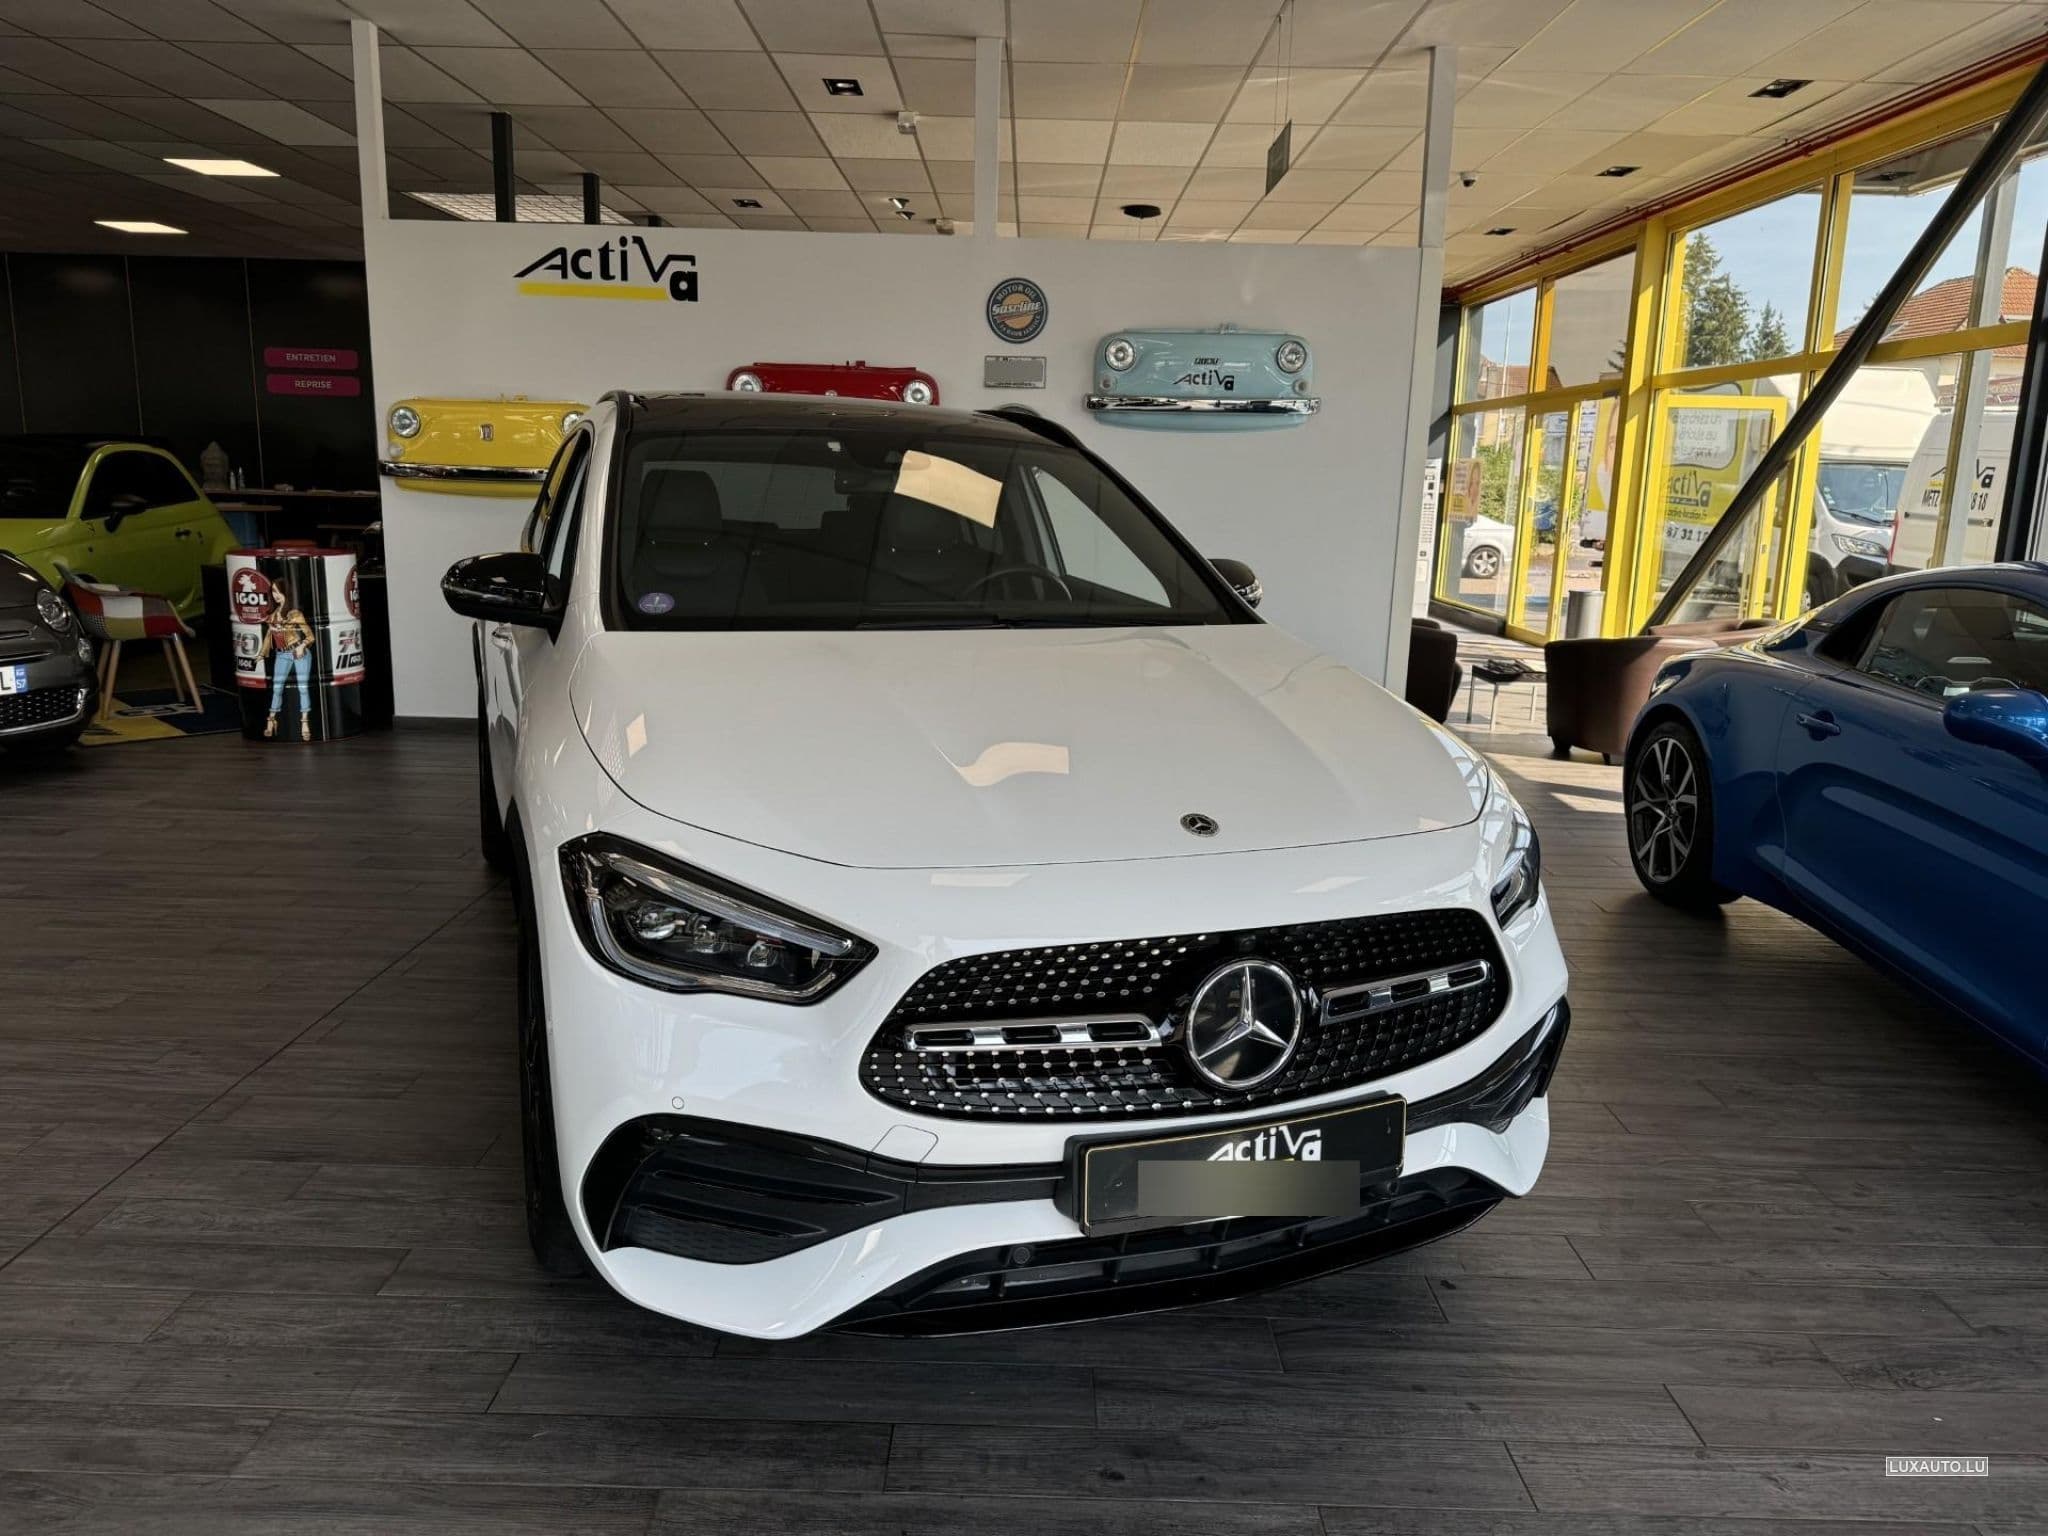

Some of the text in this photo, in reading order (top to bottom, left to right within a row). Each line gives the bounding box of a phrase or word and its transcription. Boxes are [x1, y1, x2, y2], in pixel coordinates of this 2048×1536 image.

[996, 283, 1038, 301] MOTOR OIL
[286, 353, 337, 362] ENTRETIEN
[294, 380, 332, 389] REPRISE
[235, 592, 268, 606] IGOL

-.-.-

■ **Task requirements**: Pictures are to be excluded; all other material must be transcribed exactly.

■ **Your solution**:
Some of the text in this photo, in reading order (top to bottom, left to right within a row). Each line gives the bounding box of a phrase or word and its transcription. Boxes are [x1, y1, x2, y2], in pixel coordinates of this 2048×1536 image.

[996, 283, 1038, 301] MOTOR OIL
[286, 353, 337, 362] ENTRETIEN
[294, 380, 332, 389] REPRISE
[235, 592, 268, 606] IGOL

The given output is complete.